Kayabasi Serkan, Hizli Omer, Cayir Serkan, Ordu Melike
Otolaryngology, Faculty of Medicine, Aksaray University, Aksaray, TUR.
Otolaryngology, Prof. Dr. A. Ilhan Ozdemir Education and Research Hospital, Giresun University, Giresun, TUR.
Cureus. 2020 Jan 14;12(1):e6655. doi: 10.7759/cureus.6655.

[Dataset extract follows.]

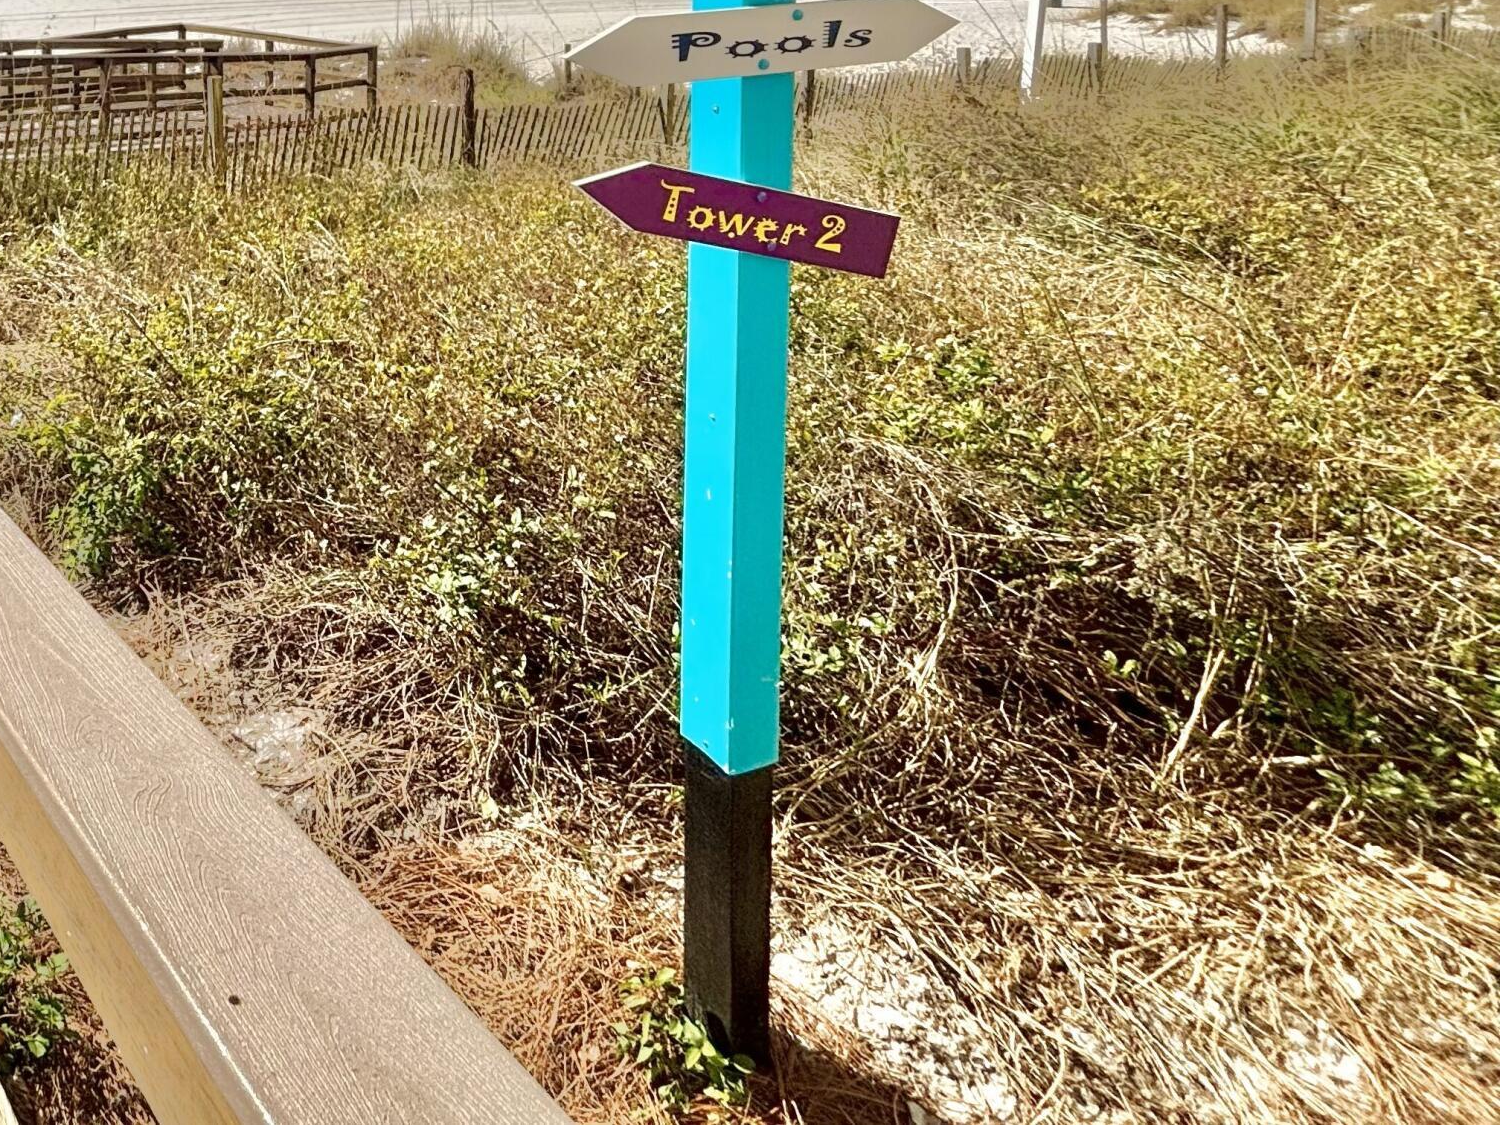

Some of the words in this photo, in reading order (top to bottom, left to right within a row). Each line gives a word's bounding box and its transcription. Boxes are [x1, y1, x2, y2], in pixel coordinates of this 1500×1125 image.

[670, 19, 873, 62] Pools
[660, 178, 808, 247] Tower
[814, 213, 847, 254] 2
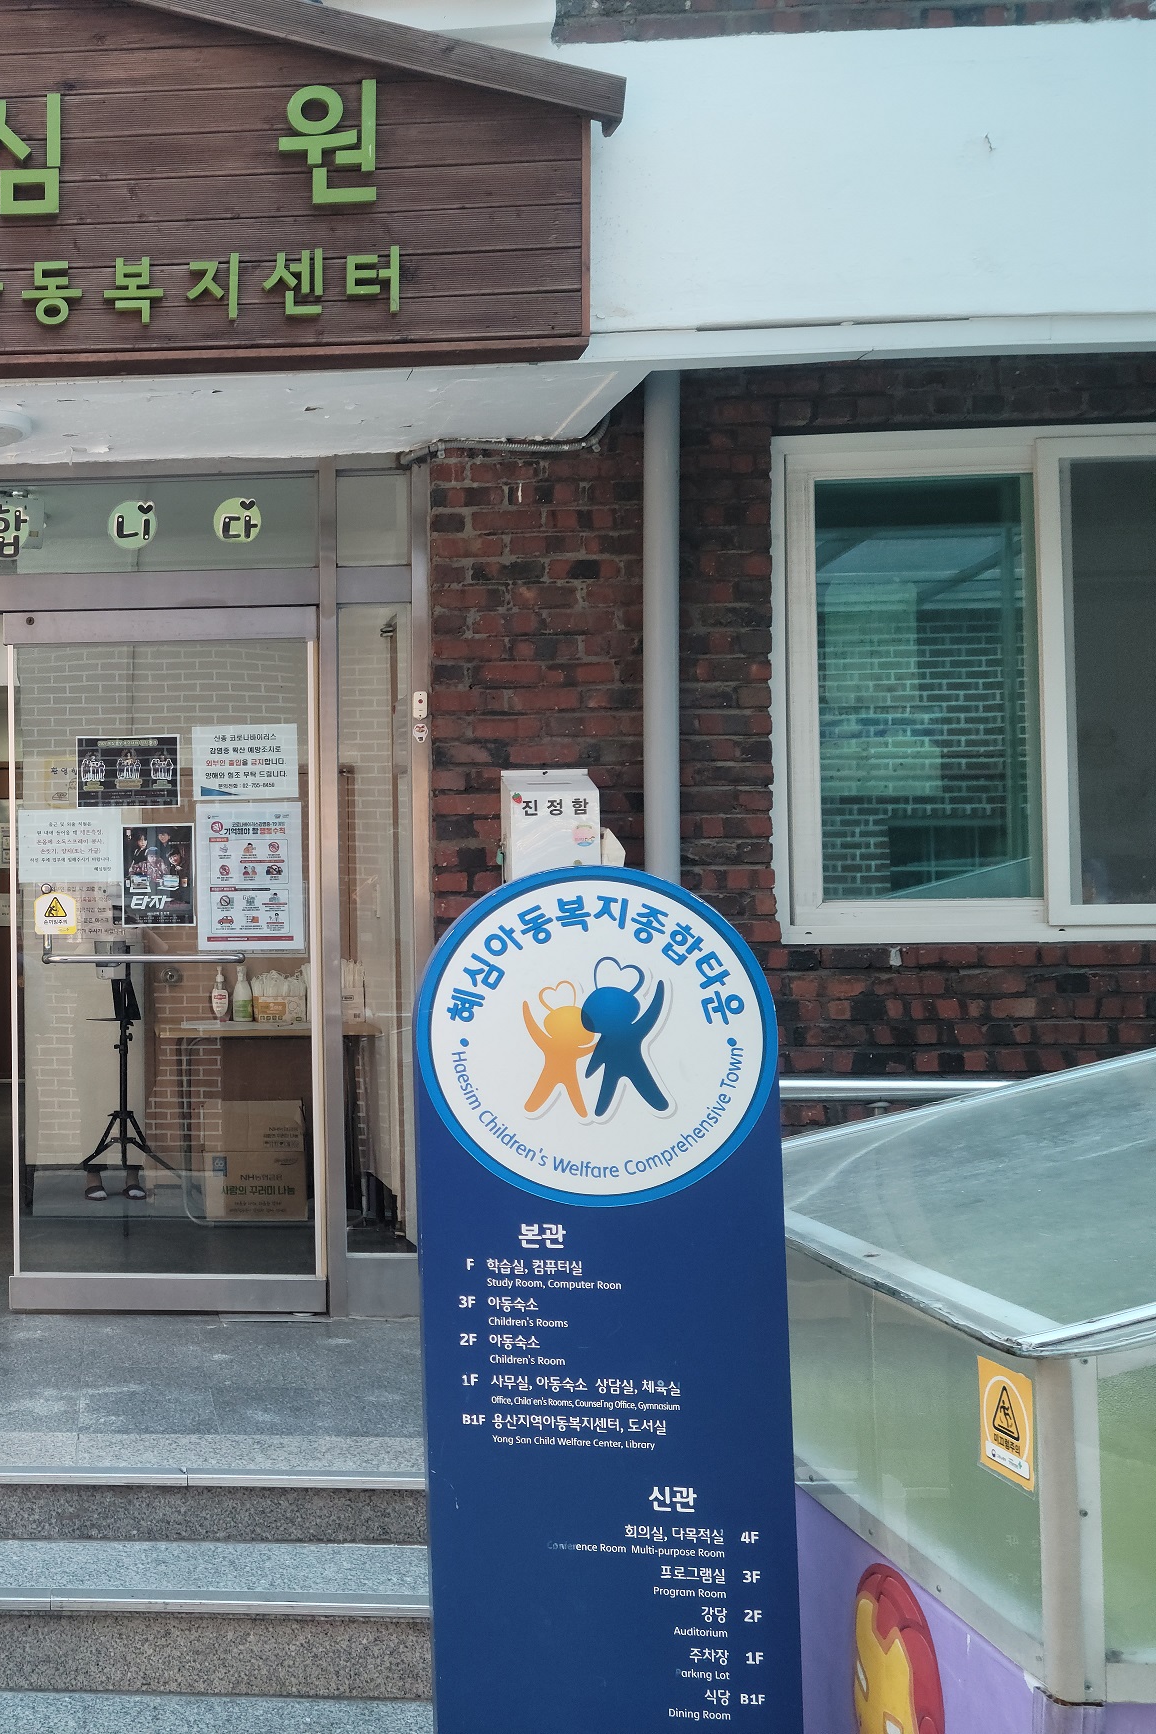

Objective This study aims to review the histopathologic results of tonsillectomy specimens, determine the rates of the tonsillectomy indications, and investigate the characteristics of asymmetric hypertrophy. Materials and Methods Medical records of 484 patients who underwent tonsillectomy were reviewed retrospectively. Descriptive data of adult and pediatric patients were presented as percentage. Comparisons between asymmetric and symmetric hypertrophy groups were performed to determine the features of asymmetric hypertrophy. Results The mean age of 484 patients who underwent tonsillectomy was 13 years (range: 3-69 years). While 372 (76.85%) patients were operated for infection, 100 (20.66%) were operated for tonsillar hypertrophy, 1 (0.21%) for a suspicion of malignancy, and 11 (2.27%) for other various reasons. Asymmetric hypertrophy was seen in 25 (5.16%) patients, whereas symmetric hypertrophy was seen in 75 (15.49%) patients. Malignancy was detected in three (0.61%) adult patients with asymmetric hypertrophy. Tonsillar tuberculosis was observed in one foreign patient with asymmetric hypertrophy. The presence of malignancy was higher in the asymmetric hypertrophy group (three patients [12%]) compared with the symmetric hypertrophy group (none) (p=0.002; X=9.27). Median maximum specimen diameter was 3 cm (range: 1.15-5.5 cm) in the asymmetric hypertrophy group and 2.4 cm (range: 1.25-4.8 cm) in the symmetric hypertrophy group (p=0.08). The Friedman grade was significantly (p<0.001), positively, and strongly (r=0.885) correlated with the maximum specimen diameter. Conclusion Routine histopathologic examination of the tonsillectomy specimens might not be necessary for all patients, but it is recommended for the patients with a real asymmetry.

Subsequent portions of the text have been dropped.